U.S. Reps. Bill Pascrell, Jr. (D-NJ-09) and Josh Gottheimer (D-NJ-05) this week called on the Transportation Security Administration (TSA) to update its Security Guidelines for General Aviation Airport Operators and Users to block human trafficking at general aviation airports. In a letter to TSA Administrator David Pekoske raising alarms on gaps in TSA’s guidelines, Pascrell and Gottheimer cite Jeffrey Epstein’s use of Teterboro’s general aviation airport to transport human trafficking victims over the course of several decades which was uncovered by an exposé in the Bergen Record.

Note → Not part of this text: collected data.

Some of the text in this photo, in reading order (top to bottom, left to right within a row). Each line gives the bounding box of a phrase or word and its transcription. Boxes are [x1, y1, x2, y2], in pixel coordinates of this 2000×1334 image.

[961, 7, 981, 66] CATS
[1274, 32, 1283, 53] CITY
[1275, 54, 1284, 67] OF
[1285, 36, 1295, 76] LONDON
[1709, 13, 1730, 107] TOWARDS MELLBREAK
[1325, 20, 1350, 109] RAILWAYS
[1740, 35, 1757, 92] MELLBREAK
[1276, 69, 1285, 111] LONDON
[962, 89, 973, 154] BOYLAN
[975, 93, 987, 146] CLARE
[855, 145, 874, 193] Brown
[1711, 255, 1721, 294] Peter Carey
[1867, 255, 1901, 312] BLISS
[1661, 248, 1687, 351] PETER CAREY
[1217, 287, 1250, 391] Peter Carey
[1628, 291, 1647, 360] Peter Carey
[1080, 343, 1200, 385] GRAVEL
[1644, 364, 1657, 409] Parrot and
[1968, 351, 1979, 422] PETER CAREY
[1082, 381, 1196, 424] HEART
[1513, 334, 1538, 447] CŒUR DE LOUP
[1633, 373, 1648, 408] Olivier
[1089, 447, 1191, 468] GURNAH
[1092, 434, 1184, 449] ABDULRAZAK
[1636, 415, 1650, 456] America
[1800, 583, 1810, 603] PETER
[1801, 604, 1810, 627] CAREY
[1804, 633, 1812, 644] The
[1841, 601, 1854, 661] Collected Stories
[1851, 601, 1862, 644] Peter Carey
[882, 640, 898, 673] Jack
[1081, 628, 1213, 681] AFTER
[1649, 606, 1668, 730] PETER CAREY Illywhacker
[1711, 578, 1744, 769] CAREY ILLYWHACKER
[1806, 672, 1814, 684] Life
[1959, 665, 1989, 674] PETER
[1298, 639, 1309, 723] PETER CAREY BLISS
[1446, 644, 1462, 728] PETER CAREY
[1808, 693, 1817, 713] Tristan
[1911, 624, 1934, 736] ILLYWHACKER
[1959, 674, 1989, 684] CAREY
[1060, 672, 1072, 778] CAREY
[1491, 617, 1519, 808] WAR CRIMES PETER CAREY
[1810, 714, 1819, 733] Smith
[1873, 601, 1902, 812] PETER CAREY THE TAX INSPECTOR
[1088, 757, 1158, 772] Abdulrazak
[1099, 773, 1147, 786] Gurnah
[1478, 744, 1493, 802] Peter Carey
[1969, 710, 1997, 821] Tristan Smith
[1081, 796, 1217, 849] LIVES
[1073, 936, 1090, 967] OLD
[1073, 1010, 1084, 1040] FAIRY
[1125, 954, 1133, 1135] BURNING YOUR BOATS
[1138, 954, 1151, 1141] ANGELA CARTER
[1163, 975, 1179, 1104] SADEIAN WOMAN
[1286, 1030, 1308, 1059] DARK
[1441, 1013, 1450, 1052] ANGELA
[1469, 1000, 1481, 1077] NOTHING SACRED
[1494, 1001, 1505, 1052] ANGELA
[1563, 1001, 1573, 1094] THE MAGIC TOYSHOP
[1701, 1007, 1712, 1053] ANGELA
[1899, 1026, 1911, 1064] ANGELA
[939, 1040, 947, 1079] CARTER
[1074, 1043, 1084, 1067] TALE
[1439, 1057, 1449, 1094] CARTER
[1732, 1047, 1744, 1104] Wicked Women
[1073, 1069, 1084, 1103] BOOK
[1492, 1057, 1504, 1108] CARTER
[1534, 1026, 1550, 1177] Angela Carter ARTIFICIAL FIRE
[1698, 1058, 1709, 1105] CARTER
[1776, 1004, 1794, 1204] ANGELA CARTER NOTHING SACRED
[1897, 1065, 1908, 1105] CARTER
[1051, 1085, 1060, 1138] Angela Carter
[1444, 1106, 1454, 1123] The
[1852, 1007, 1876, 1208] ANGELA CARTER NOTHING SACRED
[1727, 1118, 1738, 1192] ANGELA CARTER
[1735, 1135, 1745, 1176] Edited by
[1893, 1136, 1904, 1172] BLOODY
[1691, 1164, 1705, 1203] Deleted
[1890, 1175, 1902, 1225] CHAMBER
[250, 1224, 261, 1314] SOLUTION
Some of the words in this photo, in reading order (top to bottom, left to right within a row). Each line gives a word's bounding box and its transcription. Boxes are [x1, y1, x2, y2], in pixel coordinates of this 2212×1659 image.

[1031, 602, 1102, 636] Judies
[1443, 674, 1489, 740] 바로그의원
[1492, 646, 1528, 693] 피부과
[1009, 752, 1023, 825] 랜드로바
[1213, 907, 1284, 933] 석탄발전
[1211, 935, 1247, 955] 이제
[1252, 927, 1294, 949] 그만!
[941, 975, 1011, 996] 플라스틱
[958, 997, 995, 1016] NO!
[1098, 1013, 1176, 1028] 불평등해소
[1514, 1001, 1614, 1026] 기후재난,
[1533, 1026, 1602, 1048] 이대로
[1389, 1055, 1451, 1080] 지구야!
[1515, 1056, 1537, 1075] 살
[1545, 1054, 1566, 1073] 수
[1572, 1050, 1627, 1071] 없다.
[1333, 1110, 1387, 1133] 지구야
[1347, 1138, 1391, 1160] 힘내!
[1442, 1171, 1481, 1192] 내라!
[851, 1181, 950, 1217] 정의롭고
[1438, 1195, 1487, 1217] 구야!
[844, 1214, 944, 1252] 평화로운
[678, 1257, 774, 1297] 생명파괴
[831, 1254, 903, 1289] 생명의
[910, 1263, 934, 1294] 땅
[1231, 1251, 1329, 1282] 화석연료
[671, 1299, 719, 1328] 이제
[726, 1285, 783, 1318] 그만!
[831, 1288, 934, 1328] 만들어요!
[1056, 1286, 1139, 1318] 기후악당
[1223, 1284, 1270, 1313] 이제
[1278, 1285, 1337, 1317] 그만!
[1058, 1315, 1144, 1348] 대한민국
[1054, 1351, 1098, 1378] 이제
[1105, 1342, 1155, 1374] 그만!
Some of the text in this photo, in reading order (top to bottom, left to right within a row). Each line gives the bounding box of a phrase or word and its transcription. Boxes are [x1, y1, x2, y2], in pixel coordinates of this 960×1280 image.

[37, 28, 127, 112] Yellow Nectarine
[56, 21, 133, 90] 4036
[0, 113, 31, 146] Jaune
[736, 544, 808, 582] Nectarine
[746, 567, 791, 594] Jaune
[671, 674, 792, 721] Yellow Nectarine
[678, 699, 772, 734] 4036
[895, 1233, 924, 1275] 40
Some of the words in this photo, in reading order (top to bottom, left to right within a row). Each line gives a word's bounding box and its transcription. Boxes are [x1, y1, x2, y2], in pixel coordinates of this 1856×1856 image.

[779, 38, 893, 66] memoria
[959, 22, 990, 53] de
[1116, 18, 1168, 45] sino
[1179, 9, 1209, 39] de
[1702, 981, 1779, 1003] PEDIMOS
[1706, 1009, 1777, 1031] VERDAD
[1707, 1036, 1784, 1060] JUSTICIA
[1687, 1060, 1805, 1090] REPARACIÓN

“While the [Government Accountability Office] has recognized these TSA measures have been generally successful at preventing terrorist or criminal activity at general aviation airports, the TSA guidelines on assessing security threats and in training protocols for the general aviation community make no mention of human trafficking,” Pascrell and Gottheimer write. “Mr. Epstein’s ability to take advantage of less stringent security regulations and staff training at Teterboro to facilitate a multidecade human trafficking ring demonstrates gaps in the current monitoring of general aviation airports and training of general aviation staff.”
Current TSA guidelines rely heavily on general aviation pilots and staff to screen and assess potential security threats. In their letter, Pascrell and Gottheimer lay out several measures that TSA could implement to further protect against human trafficking at airports.
Pascrell and Gottheimer continue, “we request that the TSA, in collaboration with the general aviation community, update its Security Guidelines for General Aviation Airport Operators and Users to include:
1. Policies and procedures to prevent human trafficking.
2. Reporting protocols to inform law enforcement, Congress, and the general public on human trafficking efforts.
3. Annual training on identifying and preventing human trafficking.